WHAT IS BEING ASKED — Restate word for word the line containing "Some of the words" and each line that follows it, through the last line below, and nothing else.

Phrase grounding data

%%

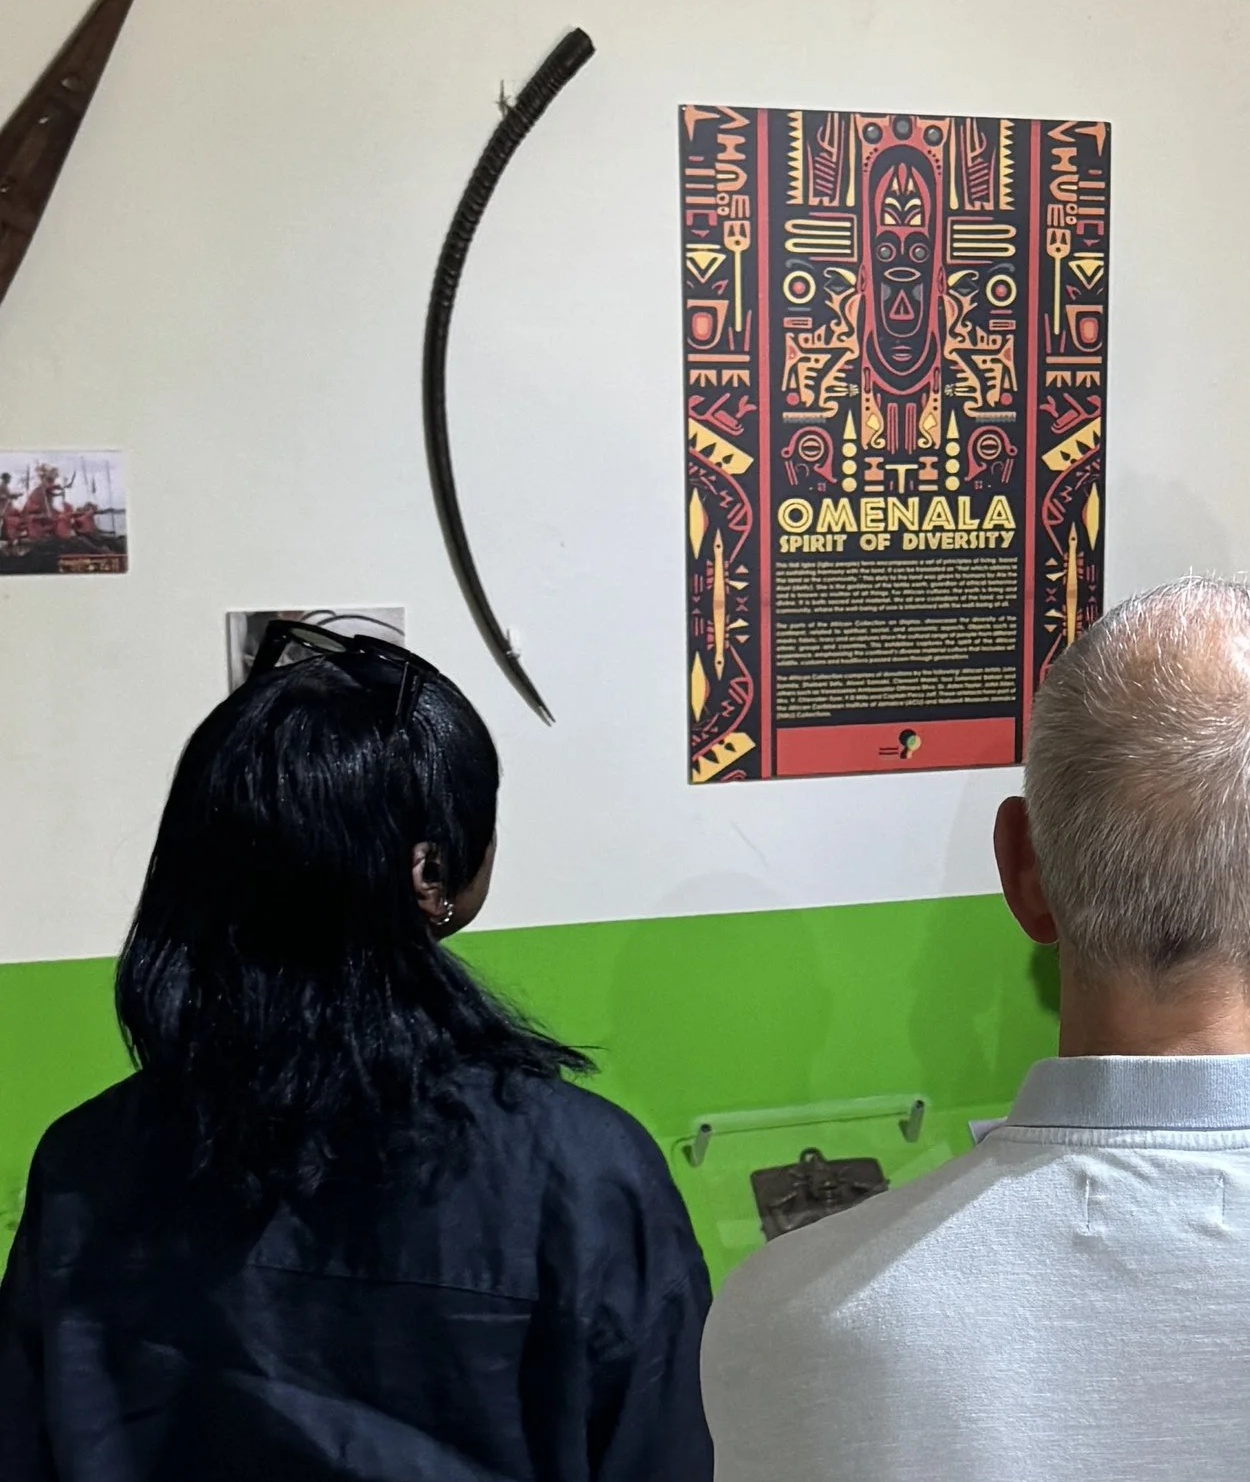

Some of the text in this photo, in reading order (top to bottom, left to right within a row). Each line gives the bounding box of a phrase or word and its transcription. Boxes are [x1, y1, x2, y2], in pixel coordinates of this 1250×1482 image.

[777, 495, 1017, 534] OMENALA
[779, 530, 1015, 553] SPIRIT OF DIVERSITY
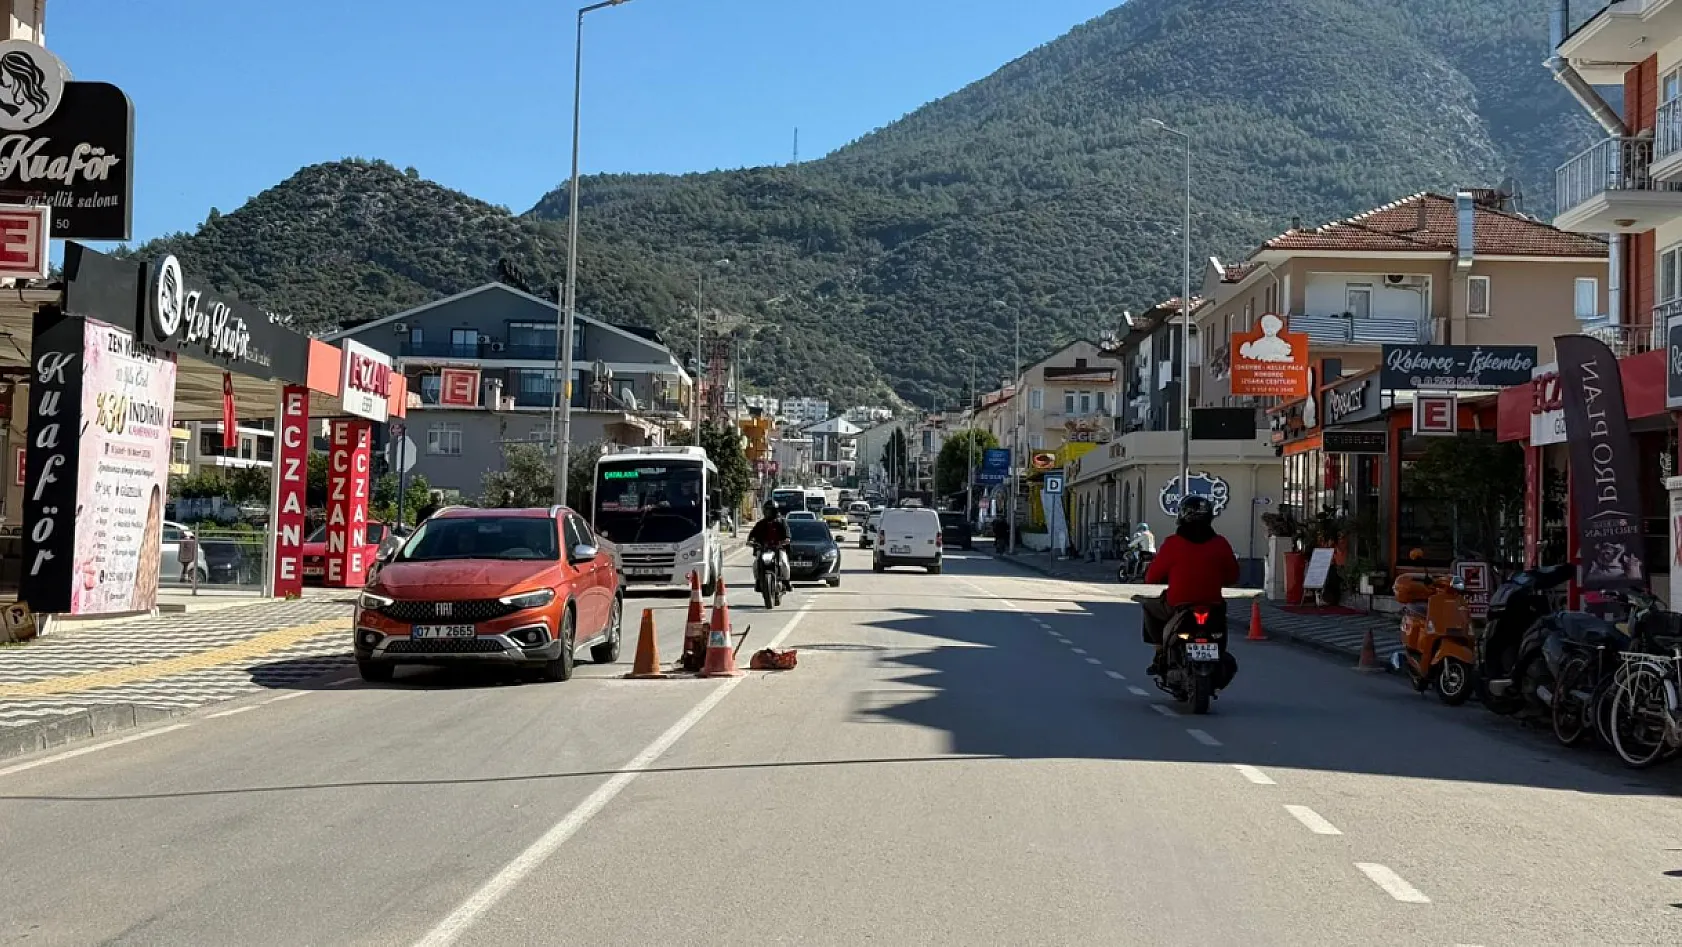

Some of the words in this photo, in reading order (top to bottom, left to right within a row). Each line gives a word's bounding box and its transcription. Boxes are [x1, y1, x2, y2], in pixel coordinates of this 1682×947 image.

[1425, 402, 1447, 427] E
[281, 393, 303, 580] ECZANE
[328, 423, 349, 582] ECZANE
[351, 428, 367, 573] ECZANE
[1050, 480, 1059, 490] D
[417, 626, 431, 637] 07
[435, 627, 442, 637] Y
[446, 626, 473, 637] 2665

%%

RESPONSE TO THE TASK —
Some of the words in this photo, in reading order (top to bottom, left to right within a row). Each line gives a word's bounding box and its transcription. Boxes are [x1, y1, x2, y2], in pixel coordinates of this 1682×947 image.

[1425, 402, 1447, 427] E
[281, 393, 303, 580] ECZANE
[328, 423, 349, 582] ECZANE
[351, 428, 367, 573] ECZANE
[1050, 480, 1059, 490] D
[417, 626, 431, 637] 07
[435, 627, 442, 637] Y
[446, 626, 473, 637] 2665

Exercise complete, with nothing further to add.